Ecologically, Caraway is located within the St. Francis Lowlands ecoregion within the larger Mississippi Alluvial Plain. The St. Francis Lowlands are a flat region mostly covered with row crop agriculture today, though also containing sand blows and sunken lands remaining from the 1811–12 New Madrid earthquakes. Waterways have mostly been channelized, causing loss of aquatic and riparian wildlife habitat.town. The St. Francis Sunken Lands Wildlife Management Area, which preserves some of the bottomland hardwood forest typical of this ecoregion prior to development for row agriculture lies just west of Caraway along the St. Francis River.

===List Of Highways===

- Highway 135
- Highway 139
- Highway 158

==Demographics==

Historical population
| Census | Pop. | Note | %± |
| 1930 | 425 |  | — |
| 1940 | 477 |  | 12.2% |
| 1950 | 970 |  | 103.4% |
| 1960 | 821 |  | −15.4% |
| 1970 | 952 |  | 16.0% |
| 1980 | 1,165 |  | 22.4% |
| 1990 | 1,178 |  | 1.1% |
| 2000 | 1,349 |  | 14.5% |
| 2010 | 1,279 |  | −5.2% |
| 2020 | 1,133 |  | −11.4% |
| 2025 (est.) | 1,104 | Decrease | −2.6% |
U.S. Decennial Census

===2020 census===
As of the 2020 census, Caraway had a population of 1,133. The median age was 41.7 years. 25.4% of residents were under the age of 18 and 19.2% of residents were 65 years of age or older. For every 100 females there were 93.0 males, and for every 100 females age 18 and over there were 86.5 males age 18 and over.
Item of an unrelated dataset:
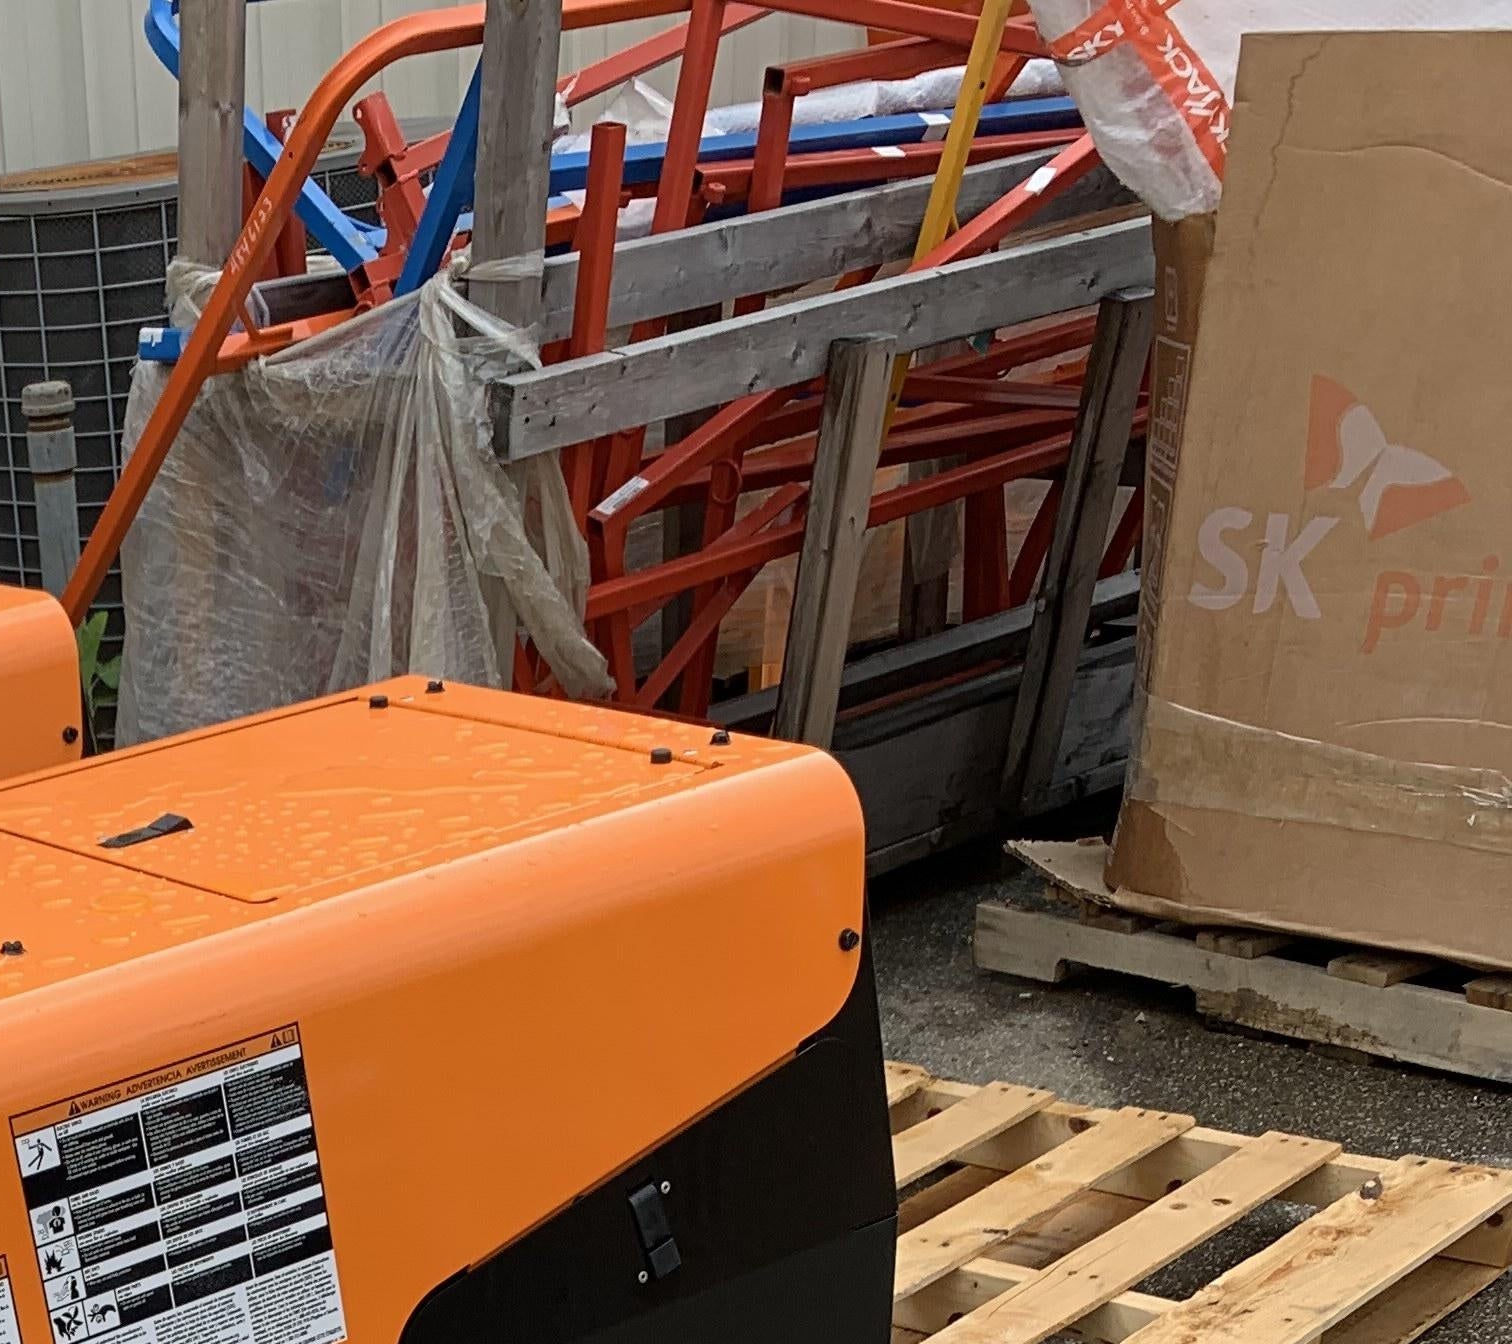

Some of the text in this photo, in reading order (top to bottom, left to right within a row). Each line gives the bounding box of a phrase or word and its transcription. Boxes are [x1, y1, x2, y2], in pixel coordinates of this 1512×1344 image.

[1188, 506, 1340, 619] SK
[1361, 554, 1512, 655] pri
[79, 1046, 247, 1111] WARNING ADVERTENCIA AVERTISSEMENT
0.0% of residents lived in urban areas, while 100.0% lived in rural areas.

There were 490 households in Caraway, of which 32.2% had children under the age of 18 living in them. Of all households, 41.8% were married-couple households, 19.2% were households with a male householder and no spouse or partner present, and 33.3% were households with a female householder and no spouse or partner present. About 34.3% of all households were made up of individuals and 17.6% had someone living alone who was 65 years of age or older.
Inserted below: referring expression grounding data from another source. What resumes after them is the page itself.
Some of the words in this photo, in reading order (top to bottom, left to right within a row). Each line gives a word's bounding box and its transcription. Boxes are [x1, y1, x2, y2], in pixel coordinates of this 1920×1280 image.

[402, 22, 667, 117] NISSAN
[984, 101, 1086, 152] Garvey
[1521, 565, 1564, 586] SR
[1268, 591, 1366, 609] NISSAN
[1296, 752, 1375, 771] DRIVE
There were 540 housing units, of which 9.3% were vacant. The homeowner vacancy rate was 2.2% and the rental vacancy rate was 7.3%.

Caraway racial composition
| Race | Number | Percentage |
|---|---|---|
| White (non-Hispanic) | 1,068 | 94.26% |
| Black or African American (non-Hispanic) | 1 | 0.09% |
| Native American | 3 | 0.26% |
| Other/Mixed | 36 | 3.18% |
| Hispanic or Latino | 25 | 2.21% |

===2000 census===
As of the census of 2000, there were 1,349 people, 547 households, and 386 families residing in the town. The population density was 224.5 /km2. There were 606 housing units at an average density of 100.9 /km2. The racial makeup of the town was 97.63% White, 0.07% Native American, 0.07% Asian, 1.33% from other races, and 0.89% from two or more races. 2.89% of the population were Hispanic or Latino of any race.

There were 547 households, out of which 34.9% had children under the age of 18 living with them, 54.1% were married couples living together, 13.2% had a female householder with no husband present, and 29.4% were non-families. 27.6% of all households were made up of individuals, and 14.6% had someone living alone who was 65 years of age or older. The average household size was 2.41 and the average family size was 2.93.

In the town the population was spread out, with 25.4% under the age of 18, 9.0% from 18 to 24, 25.8% from 25 to 44, 24.9% from 45 to 64, and 14.9% who were 65 years of age or older. The median age was 37 years. For every 100 females, there were 87.9 males. For every 100 females age 18 and over, there were 80.9 males.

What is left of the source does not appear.